Data analytics can be valuable for agencies seeking opportunites within their book of business to upsell/cross-sell, or retain customers, but analytics will not provide accurate results if the data is not clean, he says. “That’s the challenge.”
Sentner implores agencies to clean up their data. The insurance industry is a data-driven business and the complexity of the data is astonishing, he says. But if agencies want to be able to use their data in ways that help drive new business they must have clean data. “Properly interpreting the data depends on it,” he says. “But unfortunately in most cases and agency systems the data is bad.”
That’s where Sentner believes agents can help the insurance industry move forward.
It’s the agents’ responsibility to provide clean data, period, he said. “Nobody else is responsible. Now, there are other parties that are responsible for messing it up, potentially, but agency personnel are the custodians of that data and they’re the keepers of their customers’ data, and also their partners’ data,” he said.
Agencies have to mount a campaign to clean up that data, he added. “Because as old as computers are, it’s still garbage in, garbage out.”
Sentner says the Agents Council for Technology recognizes this problem and is fostering an environment in which agents can become more aware of their biggest data and technology problems.
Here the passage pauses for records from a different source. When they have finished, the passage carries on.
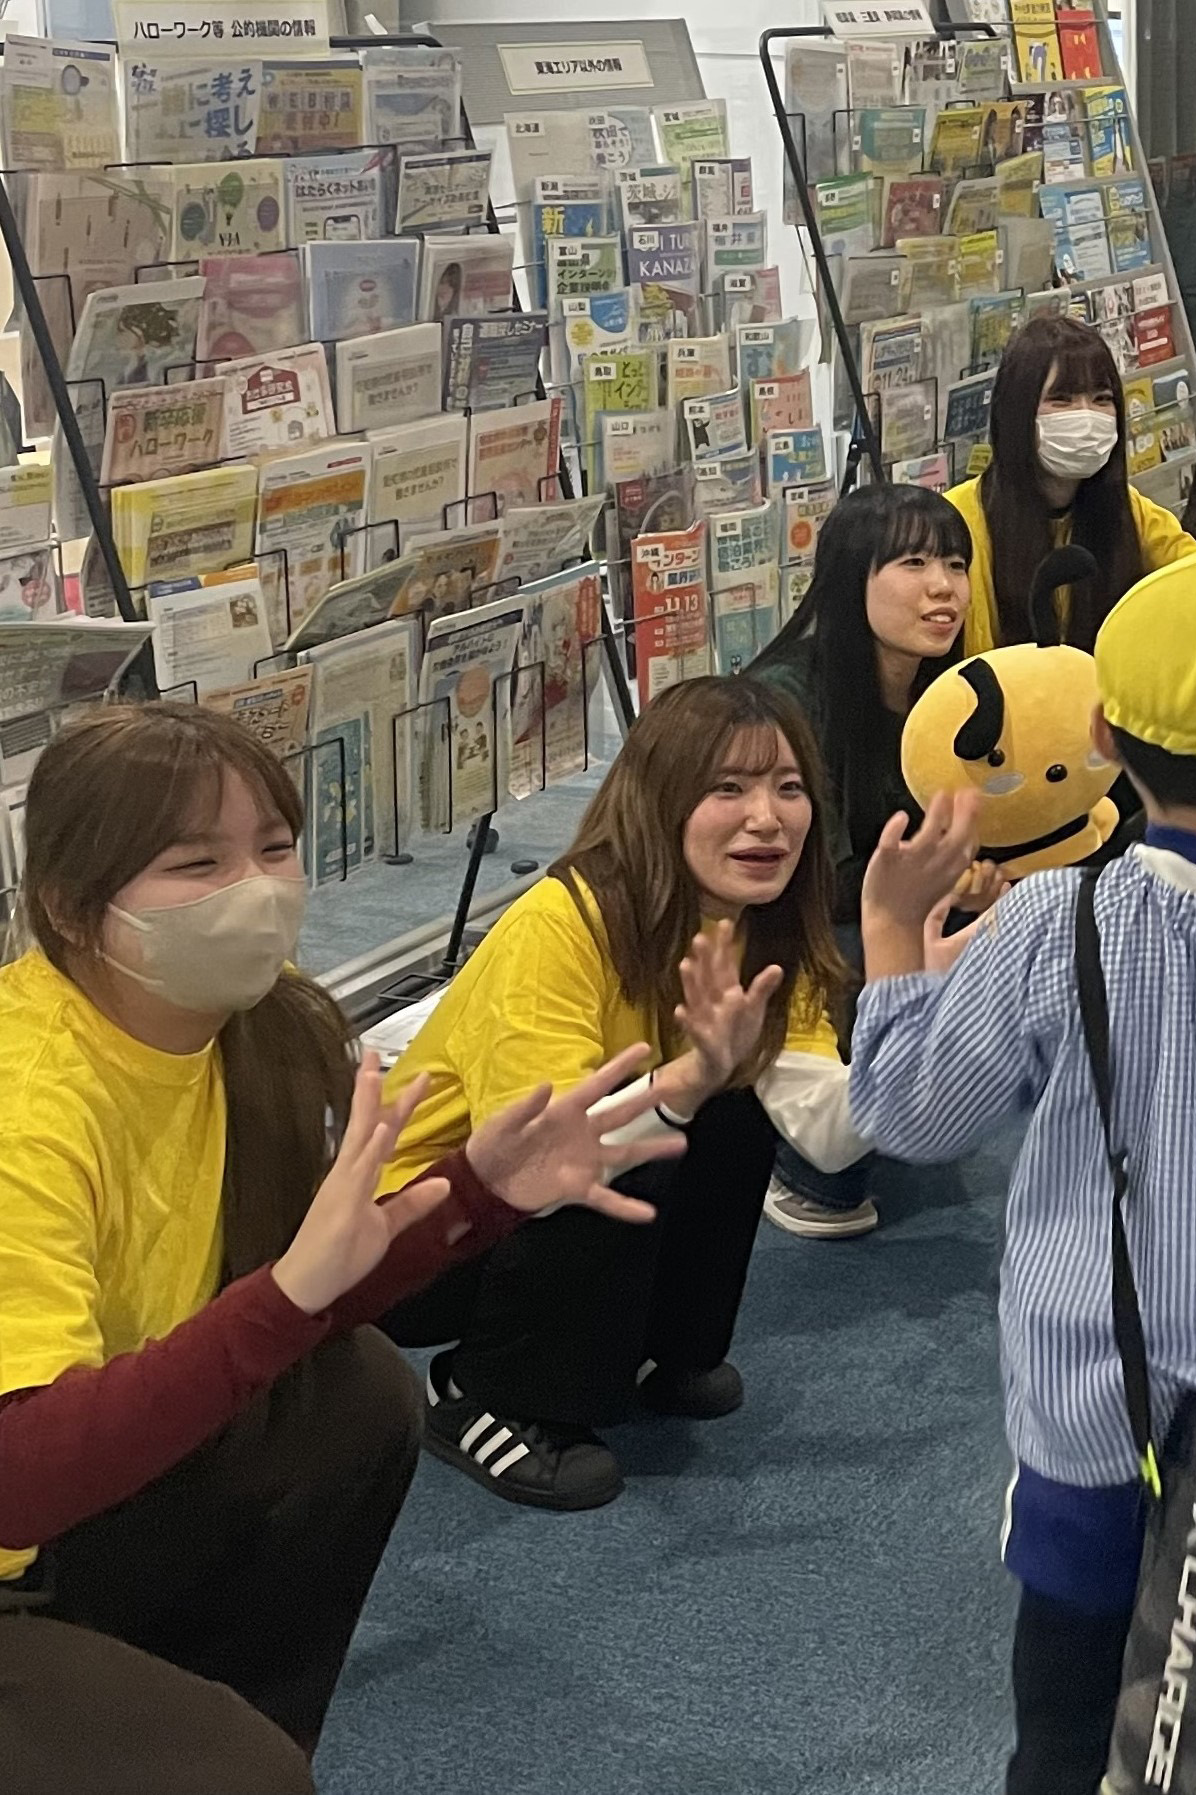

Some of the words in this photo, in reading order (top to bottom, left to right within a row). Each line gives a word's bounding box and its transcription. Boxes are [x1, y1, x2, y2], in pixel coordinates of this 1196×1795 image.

[134, 20, 224, 39] ハローワーク等
[231, 19, 316, 38] 公的機関の情報
[611, 421, 629, 431] 山口
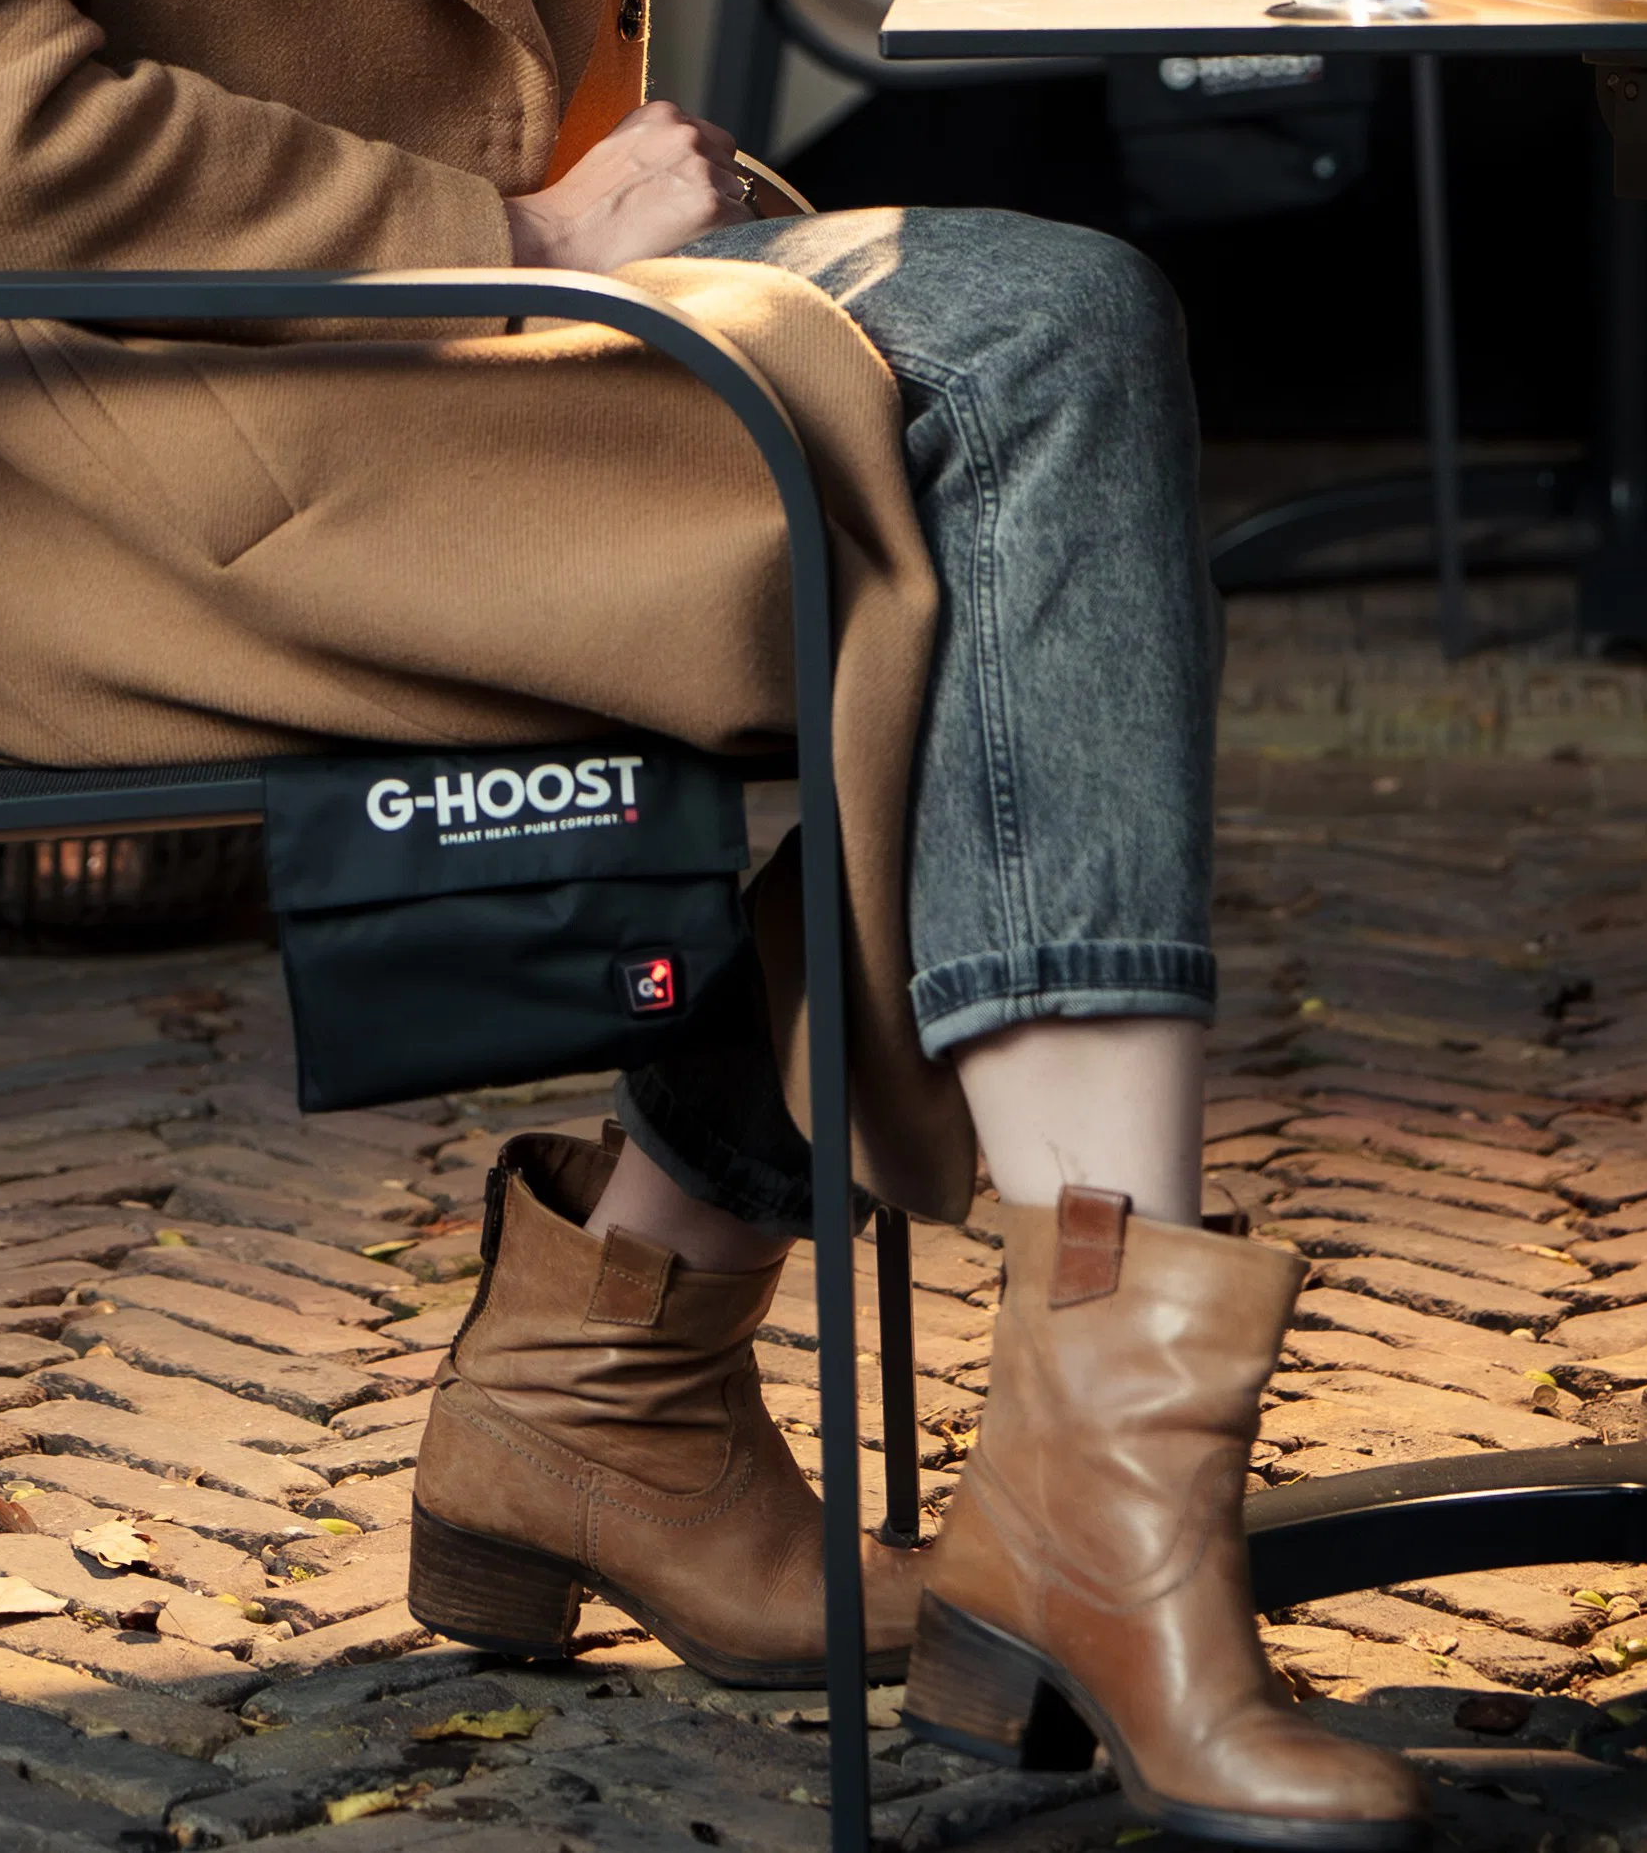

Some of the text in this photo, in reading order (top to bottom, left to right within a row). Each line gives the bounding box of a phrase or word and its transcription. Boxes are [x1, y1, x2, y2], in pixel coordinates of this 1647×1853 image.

[366, 755, 643, 831] G-HOOST
[439, 830, 482, 845] SMART
[524, 820, 557, 835] PURE
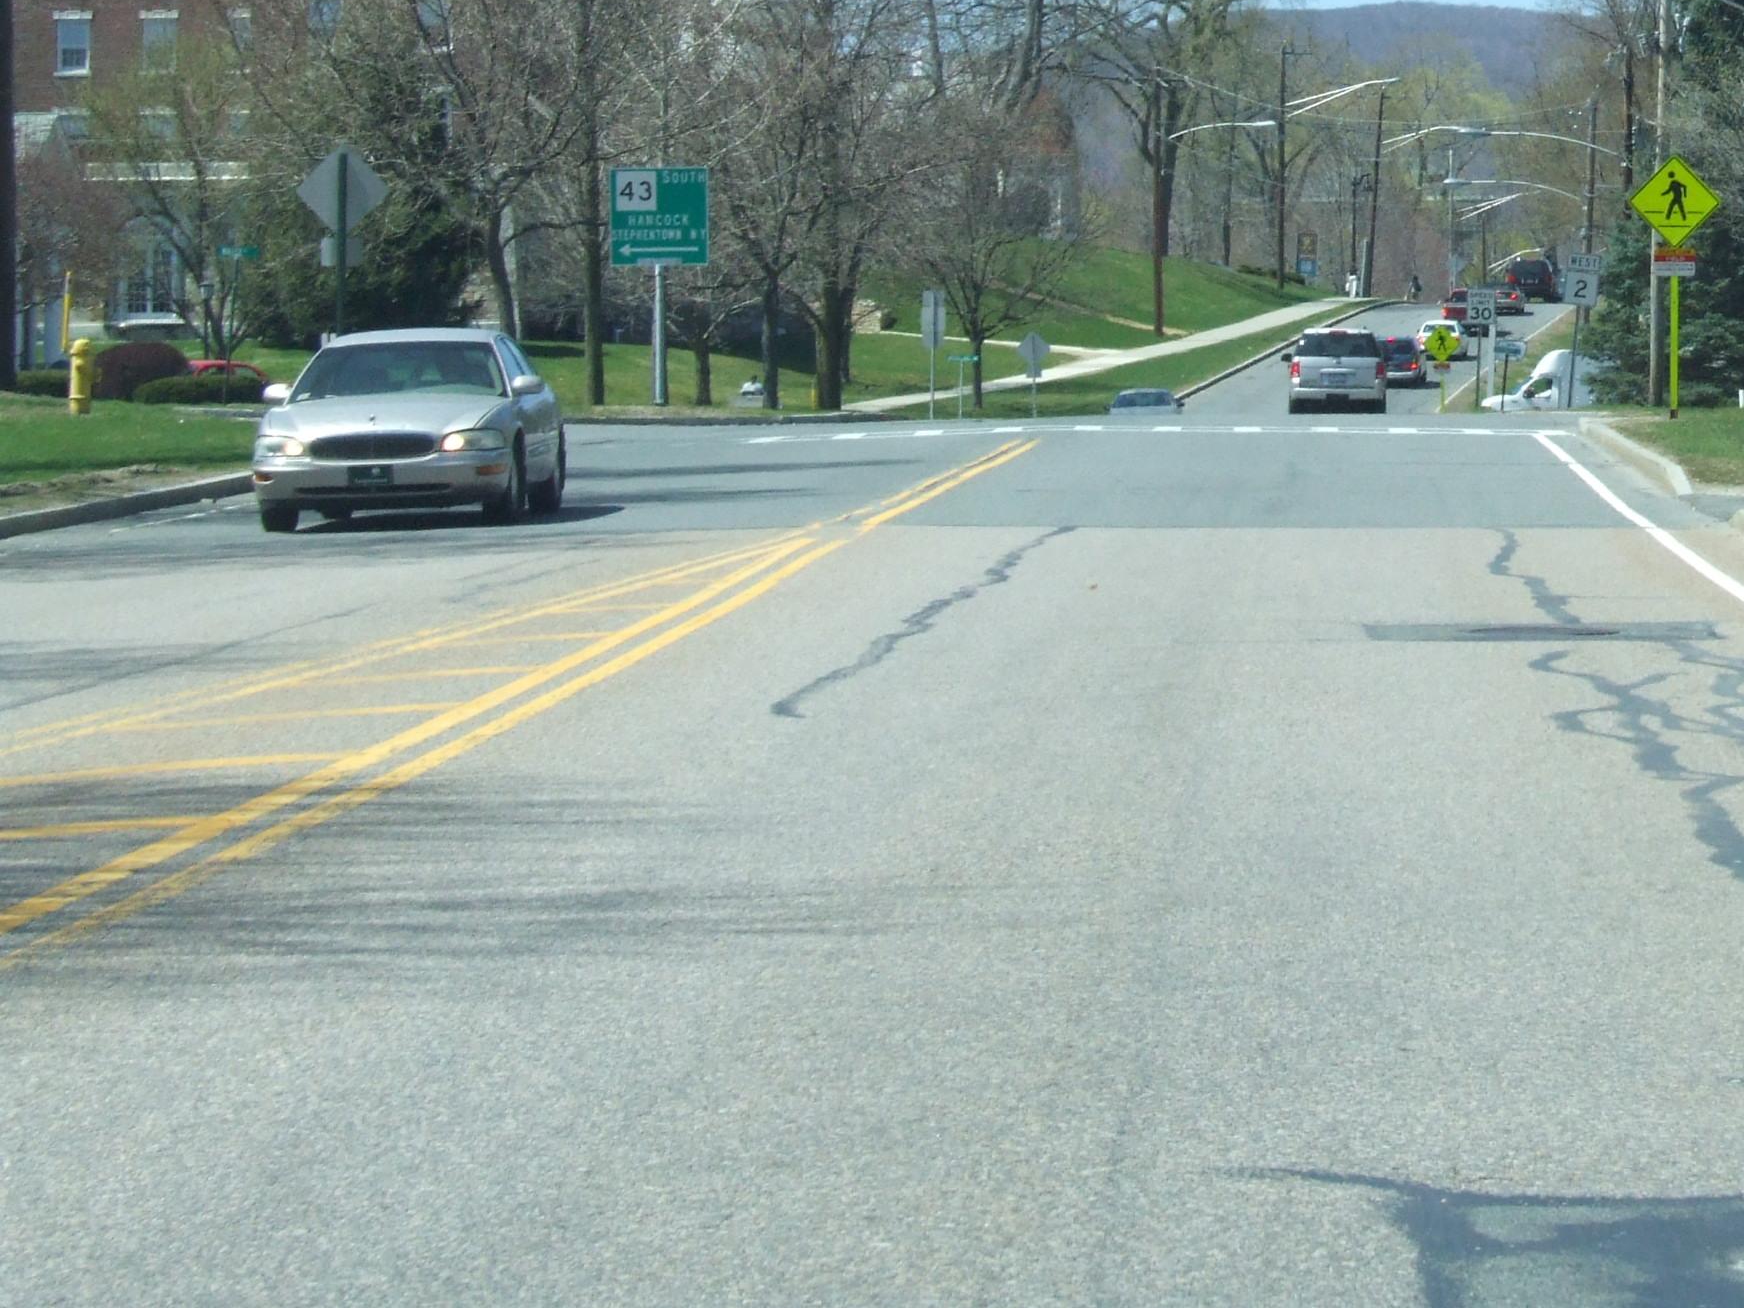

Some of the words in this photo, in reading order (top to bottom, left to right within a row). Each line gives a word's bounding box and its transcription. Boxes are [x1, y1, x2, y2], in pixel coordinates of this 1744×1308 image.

The pandemic is helping to drive more progress. According to Boston Consulting Group, the insurance industry’s digital transformation has been accelerated by at least five years as a result of the pandemic.
That’s good news for agents, ACT’s Berg says.
“That’s one thing that came from the pandemic,” he said. “The pandemic extended the understanding of ways that agencies can use their data, data that they already have, to a far greater extent than they ever did before.”
The power of data is in their hands, Berg added.